When and how should these services be implemented?

We proposed several different clinical touchpoints in the paper. An interesting model would be that when high-risk patients receive their routine annual vaccinations, they could easily receive the screening. The tests are noninvasive, inexpensive, low-risk, reliable, short in duration, and easy to conduct. Patients could be prescribed a training device for home use, many of which have testing features as well. With the use of an app or telehealth platform, patients could conduct both training and monitoring remotely.

What should be the focus of further investigation regarding this topic?

There is a need for research to better characterize respiratory muscle performance using measures beyond the MIP. Most of the literature investigating respiratory muscle performance uses MIP as the primary outcome. While MIP is reliable, valid, and well-established, its ability to assess the muscles is limited. Peak static pressures are essentially the one-rep max of the respiratory muscles. [Editor’s note: The one-repetition maximum is a term used in weight training to indicate the maximum amount of weight that an individual can lift for one repetition of an exercise.]

However, we typically do not breathe at our one-rep max. This measure also only provides a single snapshot or a “low-resolution” assessment of respiratory muscle performance. We proposed the use of the TIRE, which provides peak static pressure as well as a fatigability measurement by measuring how long the patient can sustain a maximal effort. We feel that this may be a more robust assessment. This test has been validated in several clinical populations but needs to be investigated in other populations. 

The other important area would be to conduct a research study to investigate whether our hypothesis is valid. There has been no evidence to date to indicate whether respiratory muscle performance influences outcomes following a viral infection of any kind. However, there is some preliminary work that does suggest this is a plausible hypothesis, and we are currently working on developing studies to test this hypothesis at our institution.

References

1. Severin R, Arena R, Lavie CJ, Bond S, Phillips SA. Respiratory muscle performance screening for infectious disease management following COVID-19: a highly pressurized situation [published online April 25, 2020]. Am J Med. doi:10.1016/j.amjmed.2020.04.003

2. Laveneziana P, Albuquerque A, Aliverti A, et al. ERS statement on respiratory muscle testing at rest and during exercise. Eur Respir J. 2019;53(6).

3. American Thoracic Society/European Respiratory Society. ATS/ERS Statement on respiratory muscle testing. Am J Respir Crit Care Med. 2002;166(4):518‐624.

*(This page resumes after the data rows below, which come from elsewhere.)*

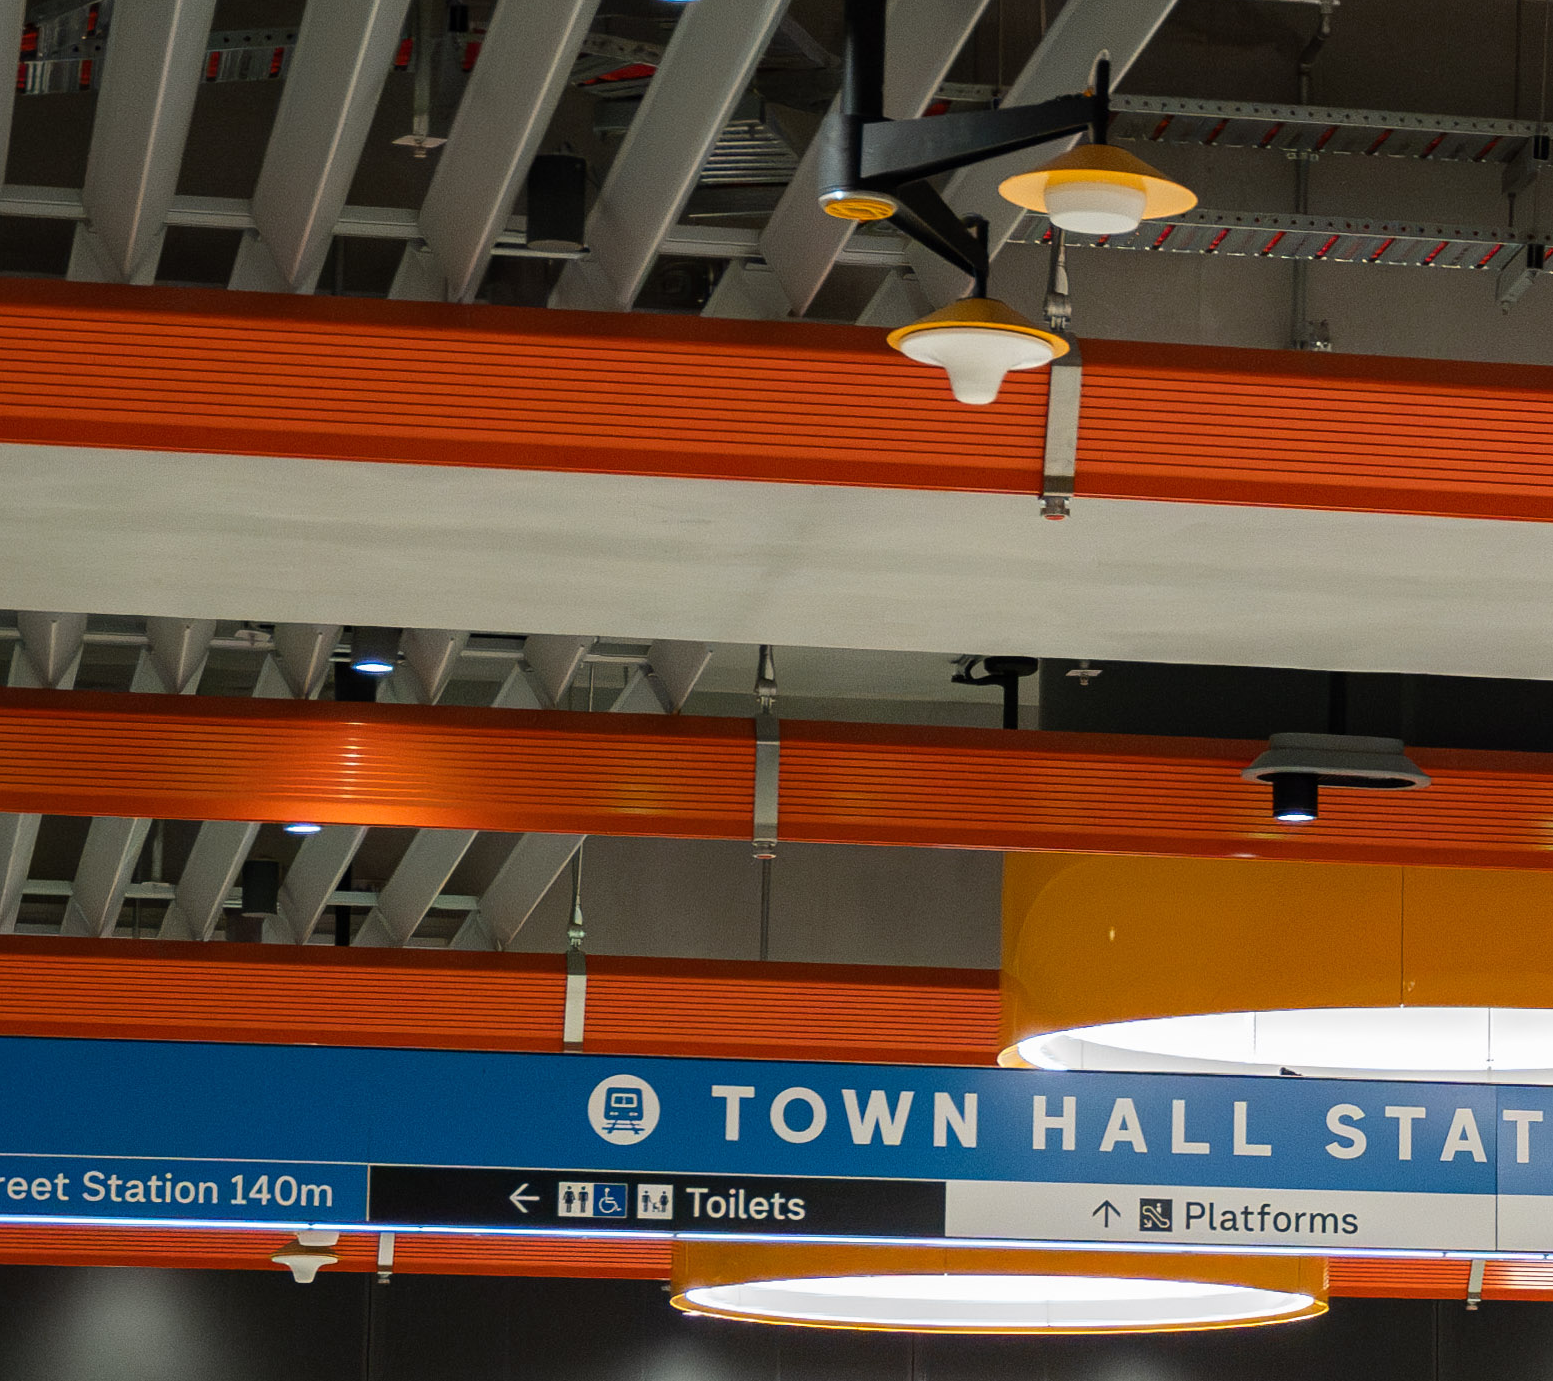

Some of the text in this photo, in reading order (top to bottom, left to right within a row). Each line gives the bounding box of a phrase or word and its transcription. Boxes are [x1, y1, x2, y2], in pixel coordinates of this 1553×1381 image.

[711, 1084, 978, 1149] TOWN
[1032, 1095, 1272, 1157] HALL
[82, 1170, 219, 1205] Station
[230, 1174, 334, 1208] 140m
[685, 1187, 806, 1222] Toilets
[1185, 1201, 1359, 1236] Platforms

4. Formiga MF, Roach KE, Vital I, et al. Reliability and validity of the test of incremental respiratory endurance measures of inspiratory muscle performance in COPD. Int J Chron Obstruct Pulmon Dis. 2018;13:1569‐1576.

5. Martin AD, Smith BK, Davenport PD, et al. Inspiratory muscle strength training improves weaning outcome in failure to wean patients: A randomized trial. Crit Care. 2011;15(2):R84.

6. Nikoletou D, Man WDC, Mustfa N, et al. Evaluation of the effectiveness of a home-based inspiratory muscle training programme in patients with chronic obstructive pulmonary disease using multiple inspiratory muscle tests. Disabil Rehabil. 2016;38(3):250-259.

7. Langer D, Charususin N, Jácome C, et al. Efficacy of a novel method for inspiratory muscle training in people with chronic obstructive pulmonary disease. Phys Ther. 2015;95(9):1264-1273.

8. Sørensen D, Svenningsen H. Adherence to home-based inspiratory muscle training in individuals with chronic obstructive pulmonary disease. Appl Nurs Res. 2018;43:75-79.